For those who can afford it, it's worth the luxurious experience to land at your destination refreshed, less stressed, and well rested. So that you can enjoy your trip right away! If the price tag is too high, there are often economy plus or business class options that offer upgrades at a lower cost to you.

Am I getting my money's worth at all-inclusive resorts?

All-inclusive resorts have their perks if you want to get away from it all without having to plan out much ahead of time, want to eat and drink your way through the week and want to know how much your trip will cost ahead of time.

Pros:

  • Great for budgeting! Your trip costs are presented in a single up-front price. There are relatively few hidden fees, and you may not even have to worry about tipping.
  • Convenience: Leave your wallet at home.
  • There are tons of included activities and shows so you (and your kids) will never get bored.
  • Resorts are often a lot safer than the local towns in tropical destinations.

Cons:

  • Not worth it if you aren’t a drinker or don’t intend to indulge in lots of alcohol or food. Plus it’s usually bottom shelf liquor.
  • Upscale alcohol brands, motorized water sports, spa treatments and off-site excursions are generally not included.

Questions to ask yourself:

  • Do I prefer to spend my trips exploring the destination and eating in local restaurants?
  • Am I bringing kids with me or is my trip adults only?

Our advice:

Read and fine print of your package before booking and find out what’s included. If you’re paying for unlimited scuba diving (an activity quite pricey on its own), take advantage of it—you’re paying for it anyway.
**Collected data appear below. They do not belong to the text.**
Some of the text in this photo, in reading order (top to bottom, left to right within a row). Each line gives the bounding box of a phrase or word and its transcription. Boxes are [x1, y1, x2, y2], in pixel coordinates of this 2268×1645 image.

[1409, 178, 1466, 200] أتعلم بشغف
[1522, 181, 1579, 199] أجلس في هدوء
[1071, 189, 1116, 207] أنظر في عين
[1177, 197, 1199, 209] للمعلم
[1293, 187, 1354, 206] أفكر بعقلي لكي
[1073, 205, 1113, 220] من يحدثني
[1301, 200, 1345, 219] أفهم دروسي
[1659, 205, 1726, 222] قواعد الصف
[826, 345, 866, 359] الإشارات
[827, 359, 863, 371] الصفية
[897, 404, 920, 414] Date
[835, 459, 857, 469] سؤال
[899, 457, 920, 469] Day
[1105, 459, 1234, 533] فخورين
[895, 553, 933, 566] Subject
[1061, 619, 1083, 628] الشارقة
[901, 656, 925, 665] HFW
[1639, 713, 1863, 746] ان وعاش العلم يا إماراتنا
Don’t book an all-inclusive if you’re not planning on eating or drinking your way through the week.

Read the reviews for an unbiased opinion on the experiences people past visitors had.

Is it beneficial to book through a travel agent?
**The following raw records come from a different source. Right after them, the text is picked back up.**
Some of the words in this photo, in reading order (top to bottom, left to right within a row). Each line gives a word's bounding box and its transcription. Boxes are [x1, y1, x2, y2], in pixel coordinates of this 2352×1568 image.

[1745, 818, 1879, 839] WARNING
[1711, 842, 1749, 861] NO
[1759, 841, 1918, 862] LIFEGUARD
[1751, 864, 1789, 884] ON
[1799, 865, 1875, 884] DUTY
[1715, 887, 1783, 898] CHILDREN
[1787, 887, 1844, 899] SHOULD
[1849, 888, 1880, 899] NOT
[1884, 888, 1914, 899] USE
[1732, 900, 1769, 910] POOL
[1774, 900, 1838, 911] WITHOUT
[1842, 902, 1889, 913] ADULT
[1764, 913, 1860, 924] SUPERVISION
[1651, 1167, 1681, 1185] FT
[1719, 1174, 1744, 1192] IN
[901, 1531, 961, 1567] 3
With so many online resources available now, it is a lot simpler to do your own travel research and planning than it was in the past. But, enlisting an expert does have its perks!

Pros:

    • Travel agents have years of expertise and established industry connections to find additional value and perks you may not have access to on your own. Most travel agents have been working in the industry for years now, and it’s their job to stay on top of travel trends and upcoming hot destinations and budget friendly alternatives.
    • They will save you time in researching and planning your trip.
    • They have access to technology to spot weather delays and natural disasters ahead of your trip.
    • They will sift through travel insurance policies and point you to the plan that best suits your individual needs and itinerary.
    • They will be your advocate should something go wrong, giving you peace of mind in helping to rebook your flights or accommodations quickly. They are there to help you get your trip back on track.
    • Most travel agencies don't charge traditional fees for their work but get paid via commissions from airlines, cruises and hotels. Some travel agents charge a fee for putting together an itinerary, but most will credit you that fee if you end up booking the trip through them.

Cons:

  • You have to do your homework to find a reliable and experienced agent that will prioritize your best interests rather than the higher commissions they may make from booking with certain suppliers.
  • A travel agent won't necessarily know your interests and preferences when they are searching for suggestions for activities, restaurants, and more.

Questions to ask yourself:

  • Is this a domestic trip or one that involves traveling to a part of the world I've never been?
  • Is this a big-budget, special-event kind of trip?

Our advice:

Booking a complex vacation takes considerable time and effort, and if you skimp on the planning, your trip could end in disaster. A travel agent takes the reins and plots out your trip, allowing you to enjoy a hassle-free vacation.